To solve a system of equations using the elimination method, we often need to manipulate the equations to facilitate the cancellation of one variable. Consider the equations:

1. \(5x + 3y = 10\)

2. \(-7x + 5y = 15\)

First, we analyze the coefficients of \(x\) and \(y\) to determine a suitable multiplication strategy. The coefficients \(5\) and \(-7\) are neither equal nor factors of each other, and they do not have opposite signs that would allow for immediate cancellation. Therefore, we can use a systematic approach by multiplying each equation by the coefficient of the other equation's variable.

In this case, we can multiply the first equation by \(7\) and the second equation by \(5\).
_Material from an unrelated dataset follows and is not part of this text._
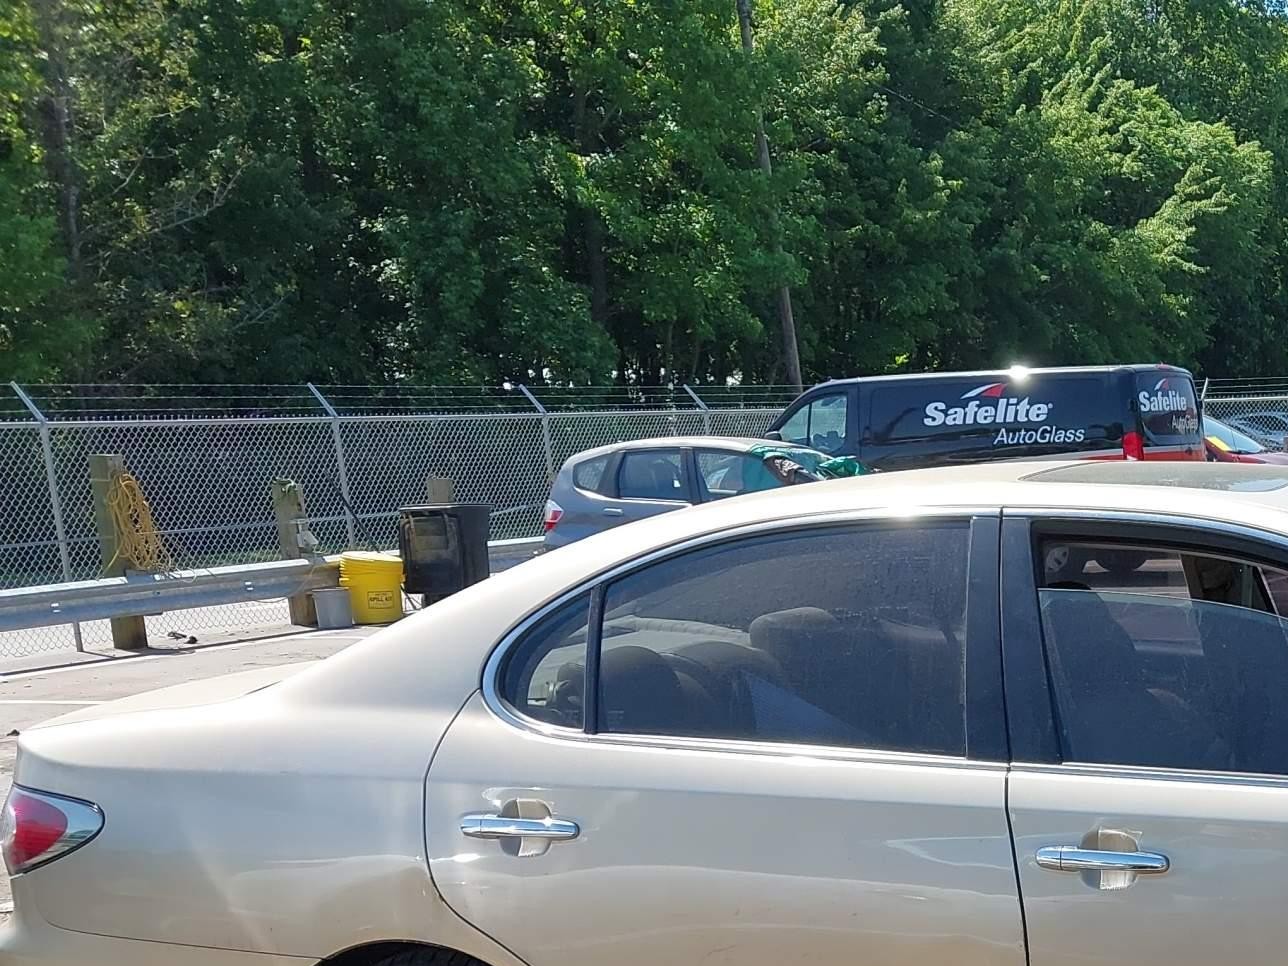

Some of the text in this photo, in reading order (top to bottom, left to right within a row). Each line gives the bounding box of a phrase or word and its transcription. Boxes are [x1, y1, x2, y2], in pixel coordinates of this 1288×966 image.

[923, 397, 1049, 426] Safelite
[1138, 390, 1187, 412] Safelite
[993, 425, 1085, 445] AutoGlass
This gives us:

Multiplying the first equation by \(7\):

\(7(5x + 3y) = 7(10)\)

Resulting in: \(35x + 21y = 70\)

Multiplying the second equation by \(5\):

\(5(-7x + 5y) = 5(15)\)

Resulting in: \(-35x + 25y = 75\)

Now we have the modified system:

1. \(35x + 21y = 70\)

2. \(-35x + 25y = 75\)

Next, we add these two equations together. The \(x\) coefficients cancel out:

\((35x - 35x) + (21y + 25y) = 70 + 75\)

This simplifies to:

\(46y = 145\)

To find \(y\), we divide both sides by \(46\):

\(y = \frac{145}{46}\)

Although this value for \(y\) is not a whole number, it is still valid. We can then substitute this value back into one of the original equations to solve for \(x\).

This method of multiplying equations by the coefficients of the other equation's variables is a reliable strategy for achieving cancellation and solving systems of linear equations effectively.